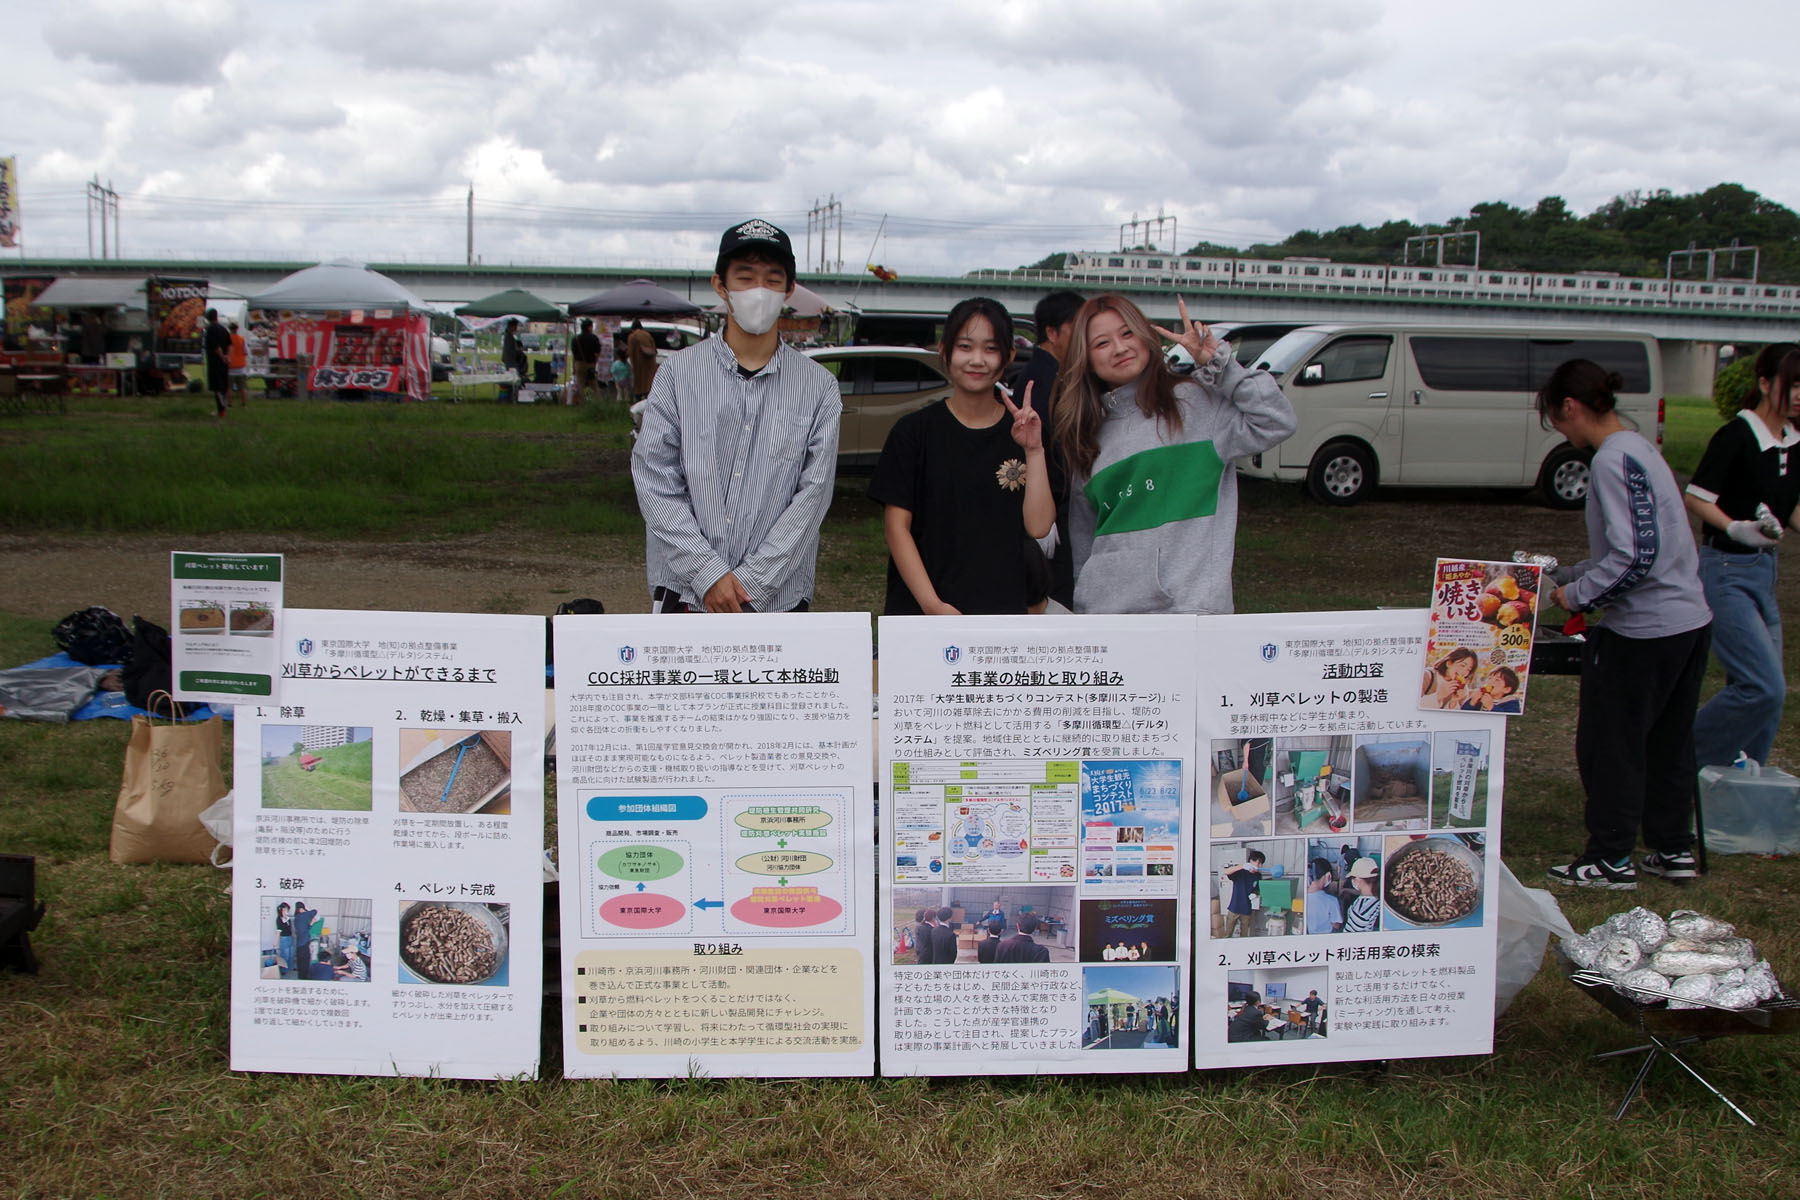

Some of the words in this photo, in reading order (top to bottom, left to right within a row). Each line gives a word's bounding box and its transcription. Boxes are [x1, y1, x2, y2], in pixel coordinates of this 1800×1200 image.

[1623, 548, 1656, 589] THREE
[1439, 580, 1480, 606] 焼き
[1447, 602, 1481, 620] いも
[321, 640, 370, 650] 東京国際大学
[643, 646, 693, 654] 東京国際大学
[968, 646, 1018, 655] 東京国際大学
[1285, 640, 1334, 648] 東京国際大学
[282, 663, 497, 682] 刈草からペレットができるまで
[588, 668, 839, 686] COC採択事業の一環として本格始動
[1322, 663, 1384, 679] 活動内容
[951, 670, 1124, 687] 本事業の始動と取り組み
[1221, 695, 1233, 707] 1.
[1250, 688, 1388, 706] 刈草ペレットの製造
[256, 706, 268, 718] 1.
[280, 706, 305, 719] 除草
[396, 710, 407, 722] 2.
[420, 709, 522, 724] 乾燥・集草・搬入
[894, 706, 1161, 718] おいて河川の雑草除去にかかる費用の削減を目指し、堤防の
[1094, 790, 1132, 802] コンテスト
[1095, 800, 1122, 814] 2017
[625, 851, 653, 859] 協力団体
[256, 878, 267, 889] 3.
[280, 877, 305, 890] 破砕
[394, 882, 406, 893] 4.
[419, 882, 496, 896] ペレット完成
[1104, 914, 1156, 923] ミズベリング賞
[694, 944, 743, 956] 取り組み
[1218, 954, 1232, 966] 2.
[1248, 943, 1441, 965] 刈草ペレット利活用案の模索
[894, 970, 1068, 980] 特定の企業や団体だけでなく、川崎市の
[588, 980, 732, 990] 巻き込んで正式な事業として活動。
[1336, 980, 1451, 993] として活用するだけでなく、
[894, 993, 1077, 1004] 様々な立場の人々を巻き込んで実施できる
[590, 1008, 826, 1019] 企業や団体の方々とともに新しい製品開発にチャレンジ。
[894, 1005, 1057, 1016] 計画であったことが大きな特徴となり
[1334, 1018, 1449, 1032] 実験や実践に取り組みます。

========================

Reproduce the entries above without change, omitting all pictures.

Some of the words in this photo, in reading order (top to bottom, left to right within a row). Each line gives a word's bounding box and its transcription. Boxes are [x1, y1, x2, y2], in pixel coordinates of this 1800×1200 image.

[1623, 548, 1656, 589] THREE
[1439, 580, 1480, 606] 焼き
[1447, 602, 1481, 620] いも
[321, 640, 370, 650] 東京国際大学
[643, 646, 693, 654] 東京国際大学
[968, 646, 1018, 655] 東京国際大学
[1285, 640, 1334, 648] 東京国際大学
[282, 663, 497, 682] 刈草からペレットができるまで
[588, 668, 839, 686] COC採択事業の一環として本格始動
[1322, 663, 1384, 679] 活動内容
[951, 670, 1124, 687] 本事業の始動と取り組み
[1221, 695, 1233, 707] 1.
[1250, 688, 1388, 706] 刈草ペレットの製造
[256, 706, 268, 718] 1.
[280, 706, 305, 719] 除草
[396, 710, 407, 722] 2.
[420, 709, 522, 724] 乾燥・集草・搬入
[894, 706, 1161, 718] おいて河川の雑草除去にかかる費用の削減を目指し、堤防の
[1094, 790, 1132, 802] コンテスト
[1095, 800, 1122, 814] 2017
[625, 851, 653, 859] 協力団体
[256, 878, 267, 889] 3.
[280, 877, 305, 890] 破砕
[394, 882, 406, 893] 4.
[419, 882, 496, 896] ペレット完成
[1104, 914, 1156, 923] ミズベリング賞
[694, 944, 743, 956] 取り組み
[1218, 954, 1232, 966] 2.
[1248, 943, 1441, 965] 刈草ペレット利活用案の模索
[894, 970, 1068, 980] 特定の企業や団体だけでなく、川崎市の
[588, 980, 732, 990] 巻き込んで正式な事業として活動。
[1336, 980, 1451, 993] として活用するだけでなく、
[894, 993, 1077, 1004] 様々な立場の人々を巻き込んで実施できる
[590, 1008, 826, 1019] 企業や団体の方々とともに新しい製品開発にチャレンジ。
[894, 1005, 1057, 1016] 計画であったことが大きな特徴となり
[1334, 1018, 1449, 1032] 実験や実践に取り組みます。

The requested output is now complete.